As novas recomendações da OMS (WHO, 2020) são de que:
- não se deve utilizar máscaras para exercícios intensos;
- caso o distanciamento (de pelo menos 1 metro), a higienização dos equipamentos e uma boa ventilação não seja possível, é necessário considerar fechar as academias temporariamente.
Referências
Mask use in the context of COVID-19 Interim guidance 1 December 2020 | COVID-19: Infection prevention and control / WASH.
Fikenzer et al., Effects of surgical and FFP2/N95 face masks on cardiopulmonary exercise capacity Clinical Research in Cardiology ( IF 5.268 ) Pub Date : 2020-07-06 , DOI: 10.1007/s00392-020-01704-y
Epstien et al.
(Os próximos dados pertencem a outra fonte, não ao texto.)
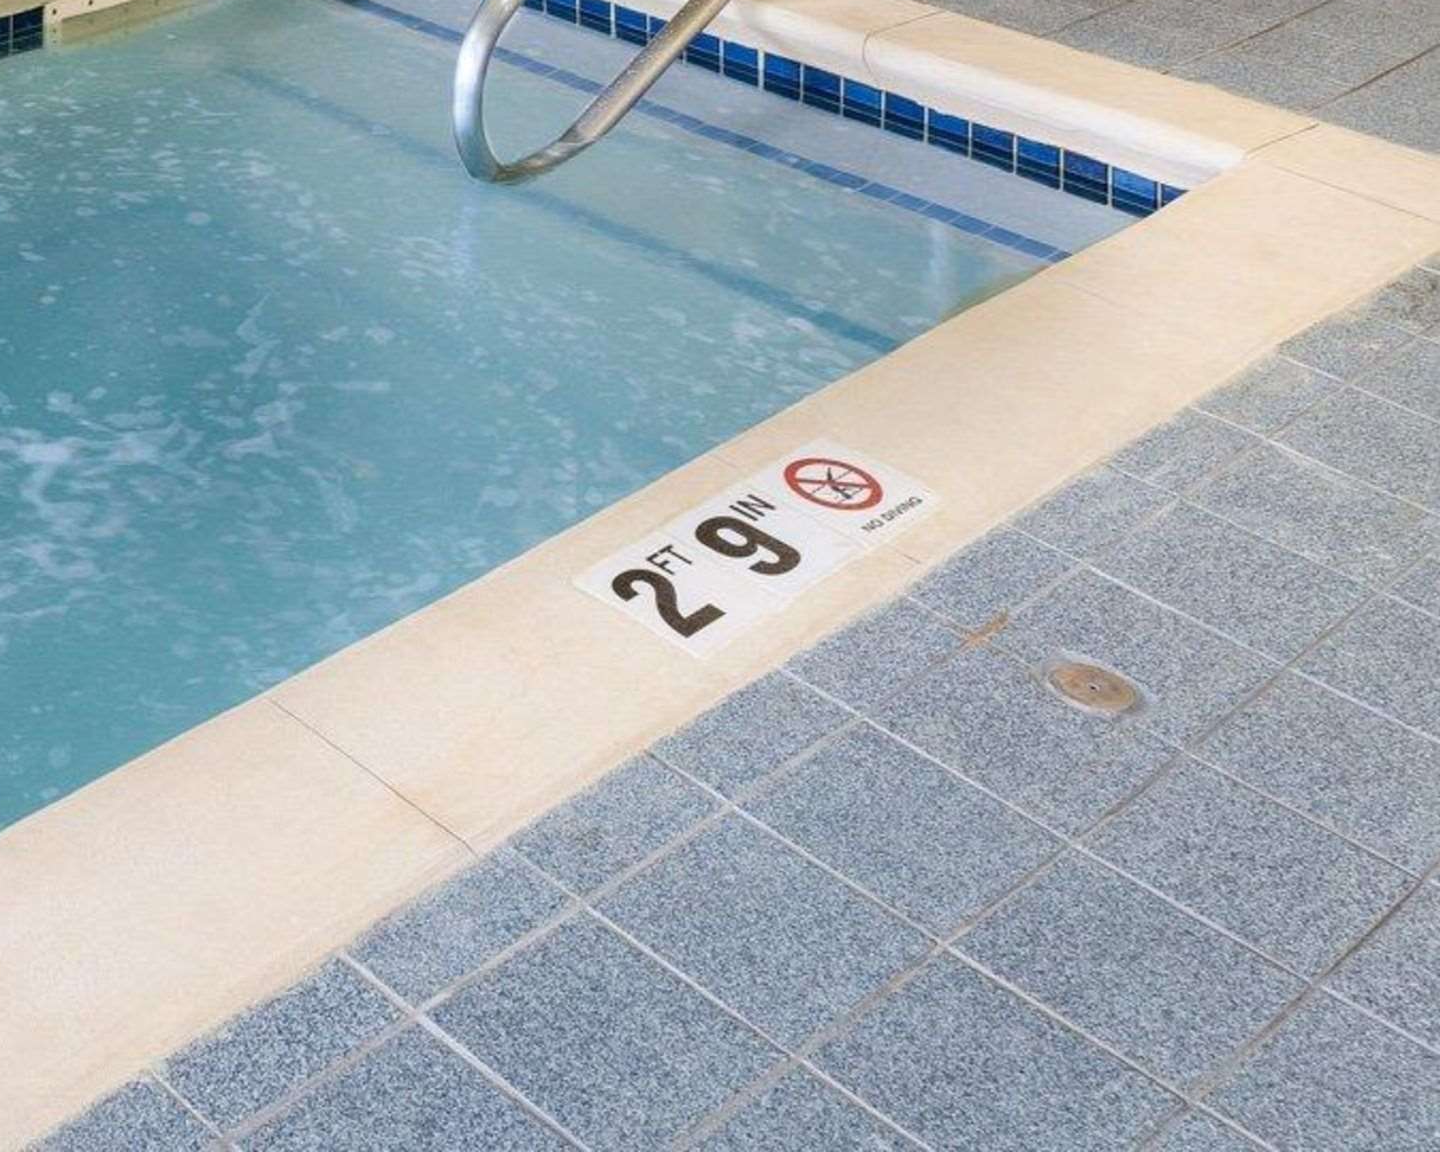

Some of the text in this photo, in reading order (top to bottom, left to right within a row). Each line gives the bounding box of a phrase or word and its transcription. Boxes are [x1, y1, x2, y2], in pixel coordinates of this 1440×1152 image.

[861, 496, 923, 533] NO DIVING
[611, 494, 801, 638] 2 FT 9 IN
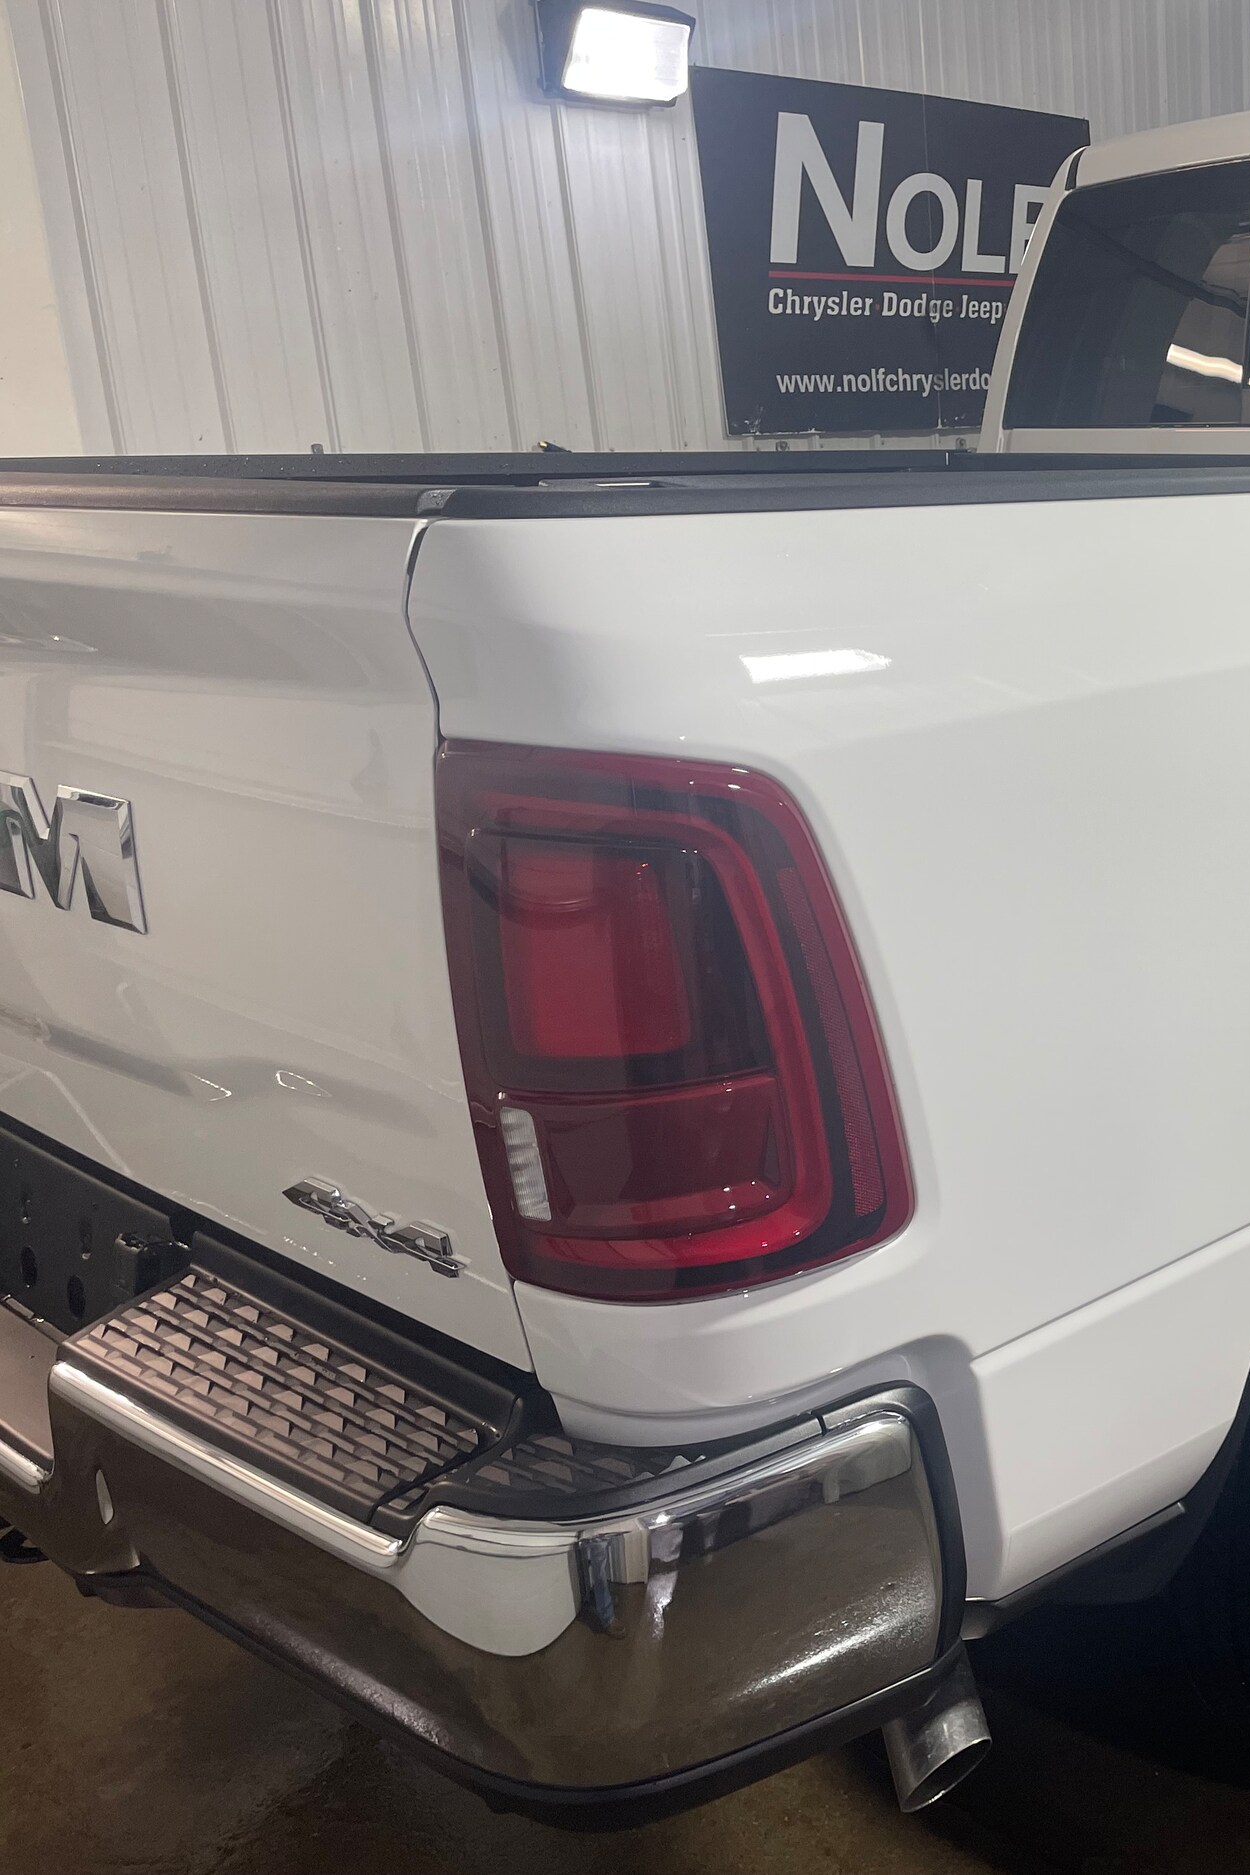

Return to training in the COVID-19 era: The physiological effects of face masks during exercise. Scand J Med Sci Sports. 2020 Sep 24. DOI: 10.1111/sms.13832.
Otsuka et al. Wearing a surgical mask does not affect the anaerobic threshold during pedaling exercise. Journal of Human Sport and Exercise, in press. DOI:https://doi.org/10.14198/jhse.2022.171.03
Lorenzo Boldrini et al. Wearing surgical masks does not affect heart rate and blood lactate accumulation during cycle ergometer exercise. J Sports Med Phys Fitness. 2020.
Morris et al. Prolonged facemask use in the heat worsens dyspnea without compromising motor-cognitive performance. Temperature, 2020; 1 DOI: 10.1080/23328940.2020.1826840
Cano Carrizal R, Casanova Rodríguez C. Surgical facemask: an ally of exercise stress echocardiography during the COVID-19 pandemic? Rev Esp Cardiol (Engl Ed). 2020 Oct 29:S1885-5857(20)30470-9. doi: 10.1016/j.rec.2020.10.007.
Janse et al. Year of the face mask: do`s and don’ts during exercise. S Afr j sports med. 29 de Julho de 2020;32(1):1–2.